(Stored items)
·····

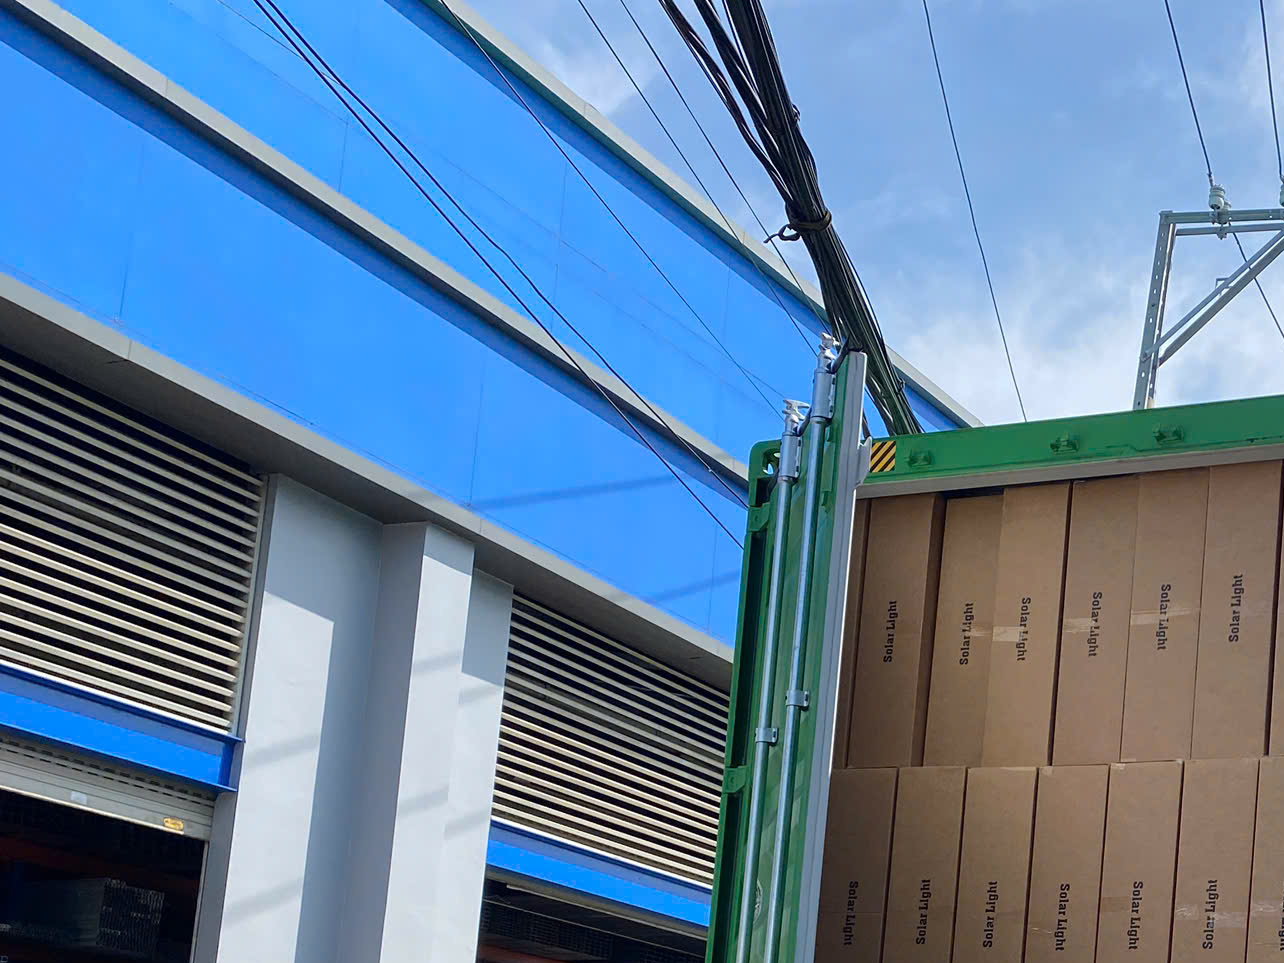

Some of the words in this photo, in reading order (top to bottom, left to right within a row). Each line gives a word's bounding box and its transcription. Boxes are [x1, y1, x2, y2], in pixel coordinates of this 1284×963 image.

[1090, 591, 1103, 623] Solar
[1159, 583, 1172, 616] Solar
[1230, 573, 1245, 608] Light
[885, 600, 899, 631] Light
[961, 602, 975, 633] Light
[1019, 597, 1032, 628] Solar
[1228, 609, 1241, 643] Solar
[882, 632, 895, 663] Solar
[959, 635, 971, 666] Solar
[846, 880, 859, 913] Solar
[918, 879, 932, 911] Light
[985, 880, 999, 913] Light
[1057, 883, 1071, 916] Solar
[1131, 881, 1144, 915] Solar
[1204, 879, 1220, 913] Light
[842, 914, 856, 946] Light
[915, 912, 928, 945] Solar
[982, 915, 995, 948] Solar
[1053, 918, 1068, 951] Light
[1126, 916, 1141, 950] Light
[1201, 915, 1216, 950] Solar
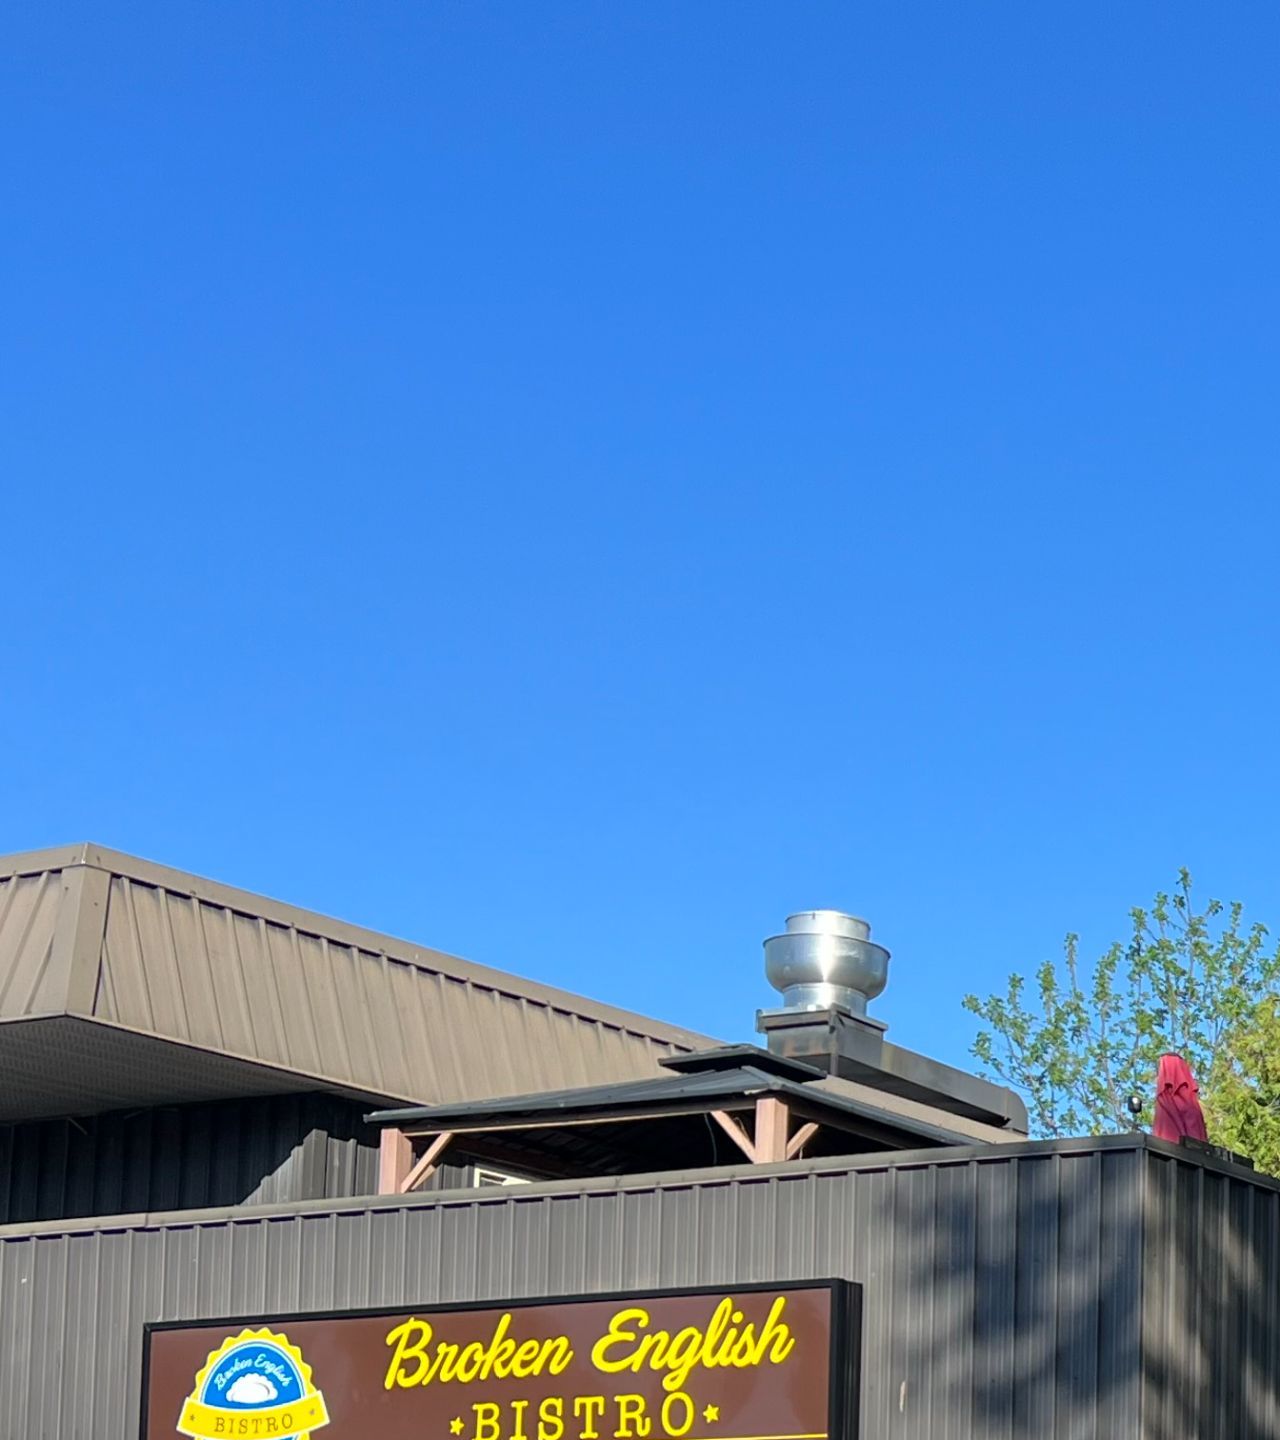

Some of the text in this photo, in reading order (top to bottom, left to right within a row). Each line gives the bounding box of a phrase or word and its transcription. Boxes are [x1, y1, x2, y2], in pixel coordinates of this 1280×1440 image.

[384, 1296, 796, 1391] Broken English
[214, 1353, 293, 1390] Broken English
[214, 1413, 294, 1434] BISTRO

·····

▸ **Work instructions**
Set down exactly what runs from the line with "Some of the text" to the last line of the data above, including both of those lines and no others.

▸ **Task solution**
Some of the text in this photo, in reading order (top to bottom, left to right within a row). Each line gives the bounding box of a phrase or word and its transcription. Boxes are [x1, y1, x2, y2], in pixel coordinates of this 1280×1440 image.

[384, 1296, 796, 1391] Broken English
[214, 1353, 293, 1390] Broken English
[214, 1413, 294, 1434] BISTRO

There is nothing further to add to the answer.